---------- Supplied data ----------
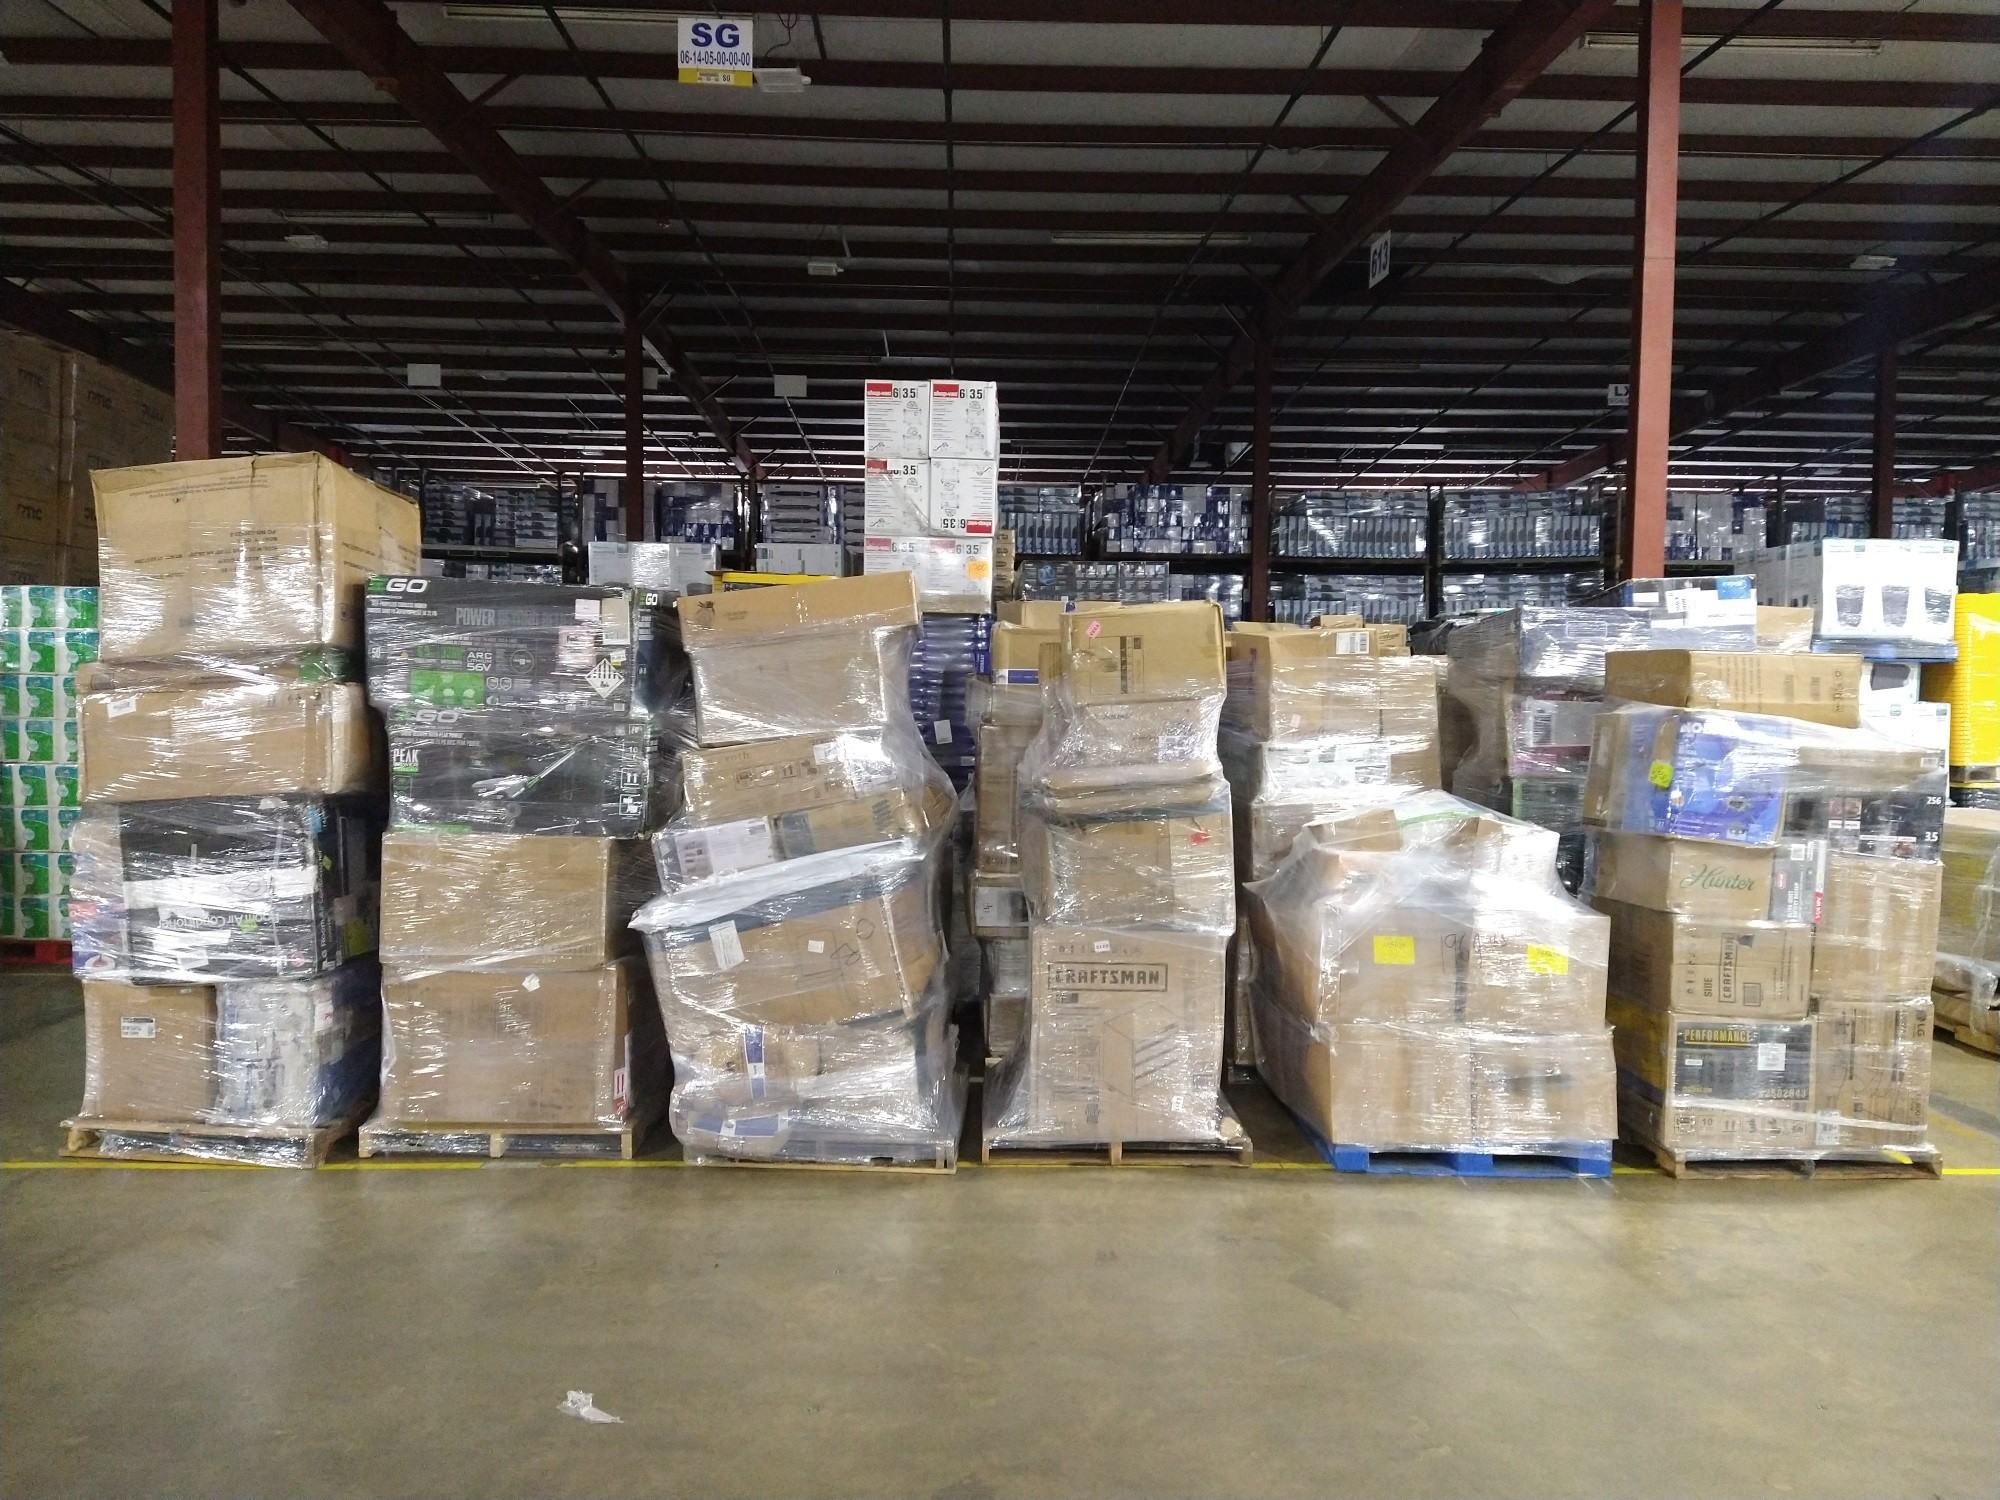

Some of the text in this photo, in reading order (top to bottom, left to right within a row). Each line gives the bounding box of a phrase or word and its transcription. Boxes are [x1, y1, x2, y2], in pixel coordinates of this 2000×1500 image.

[691, 22, 740, 48] SG
[680, 50, 751, 66] 06-14-05-00-00-00
[893, 388, 899, 398] 6
[960, 388, 966, 398] 6
[456, 607, 495, 626] POWER
[467, 651, 493, 660] ARC
[466, 663, 491, 671] 56V
[393, 749, 419, 762] PEAK
[1926, 796, 1943, 805] 256
[1679, 863, 1755, 891] Hunter
[1723, 937, 1734, 999] CRAFTSMAN
[1055, 969, 1160, 985] CRAFTSMAN
[1703, 977, 1713, 998] SIDE
[1917, 1023, 1925, 1037] LG
----------
## What you are asked to do
Every entry above should be duplicated exactly. Do not include the images.

## Finished task
Some of the text in this photo, in reading order (top to bottom, left to right within a row). Each line gives the bounding box of a phrase or word and its transcription. Boxes are [x1, y1, x2, y2], in pixel coordinates of this 2000×1500 image.

[691, 22, 740, 48] SG
[680, 50, 751, 66] 06-14-05-00-00-00
[893, 388, 899, 398] 6
[960, 388, 966, 398] 6
[456, 607, 495, 626] POWER
[467, 651, 493, 660] ARC
[466, 663, 491, 671] 56V
[393, 749, 419, 762] PEAK
[1926, 796, 1943, 805] 256
[1679, 863, 1755, 891] Hunter
[1723, 937, 1734, 999] CRAFTSMAN
[1055, 969, 1160, 985] CRAFTSMAN
[1703, 977, 1713, 998] SIDE
[1917, 1023, 1925, 1037] LG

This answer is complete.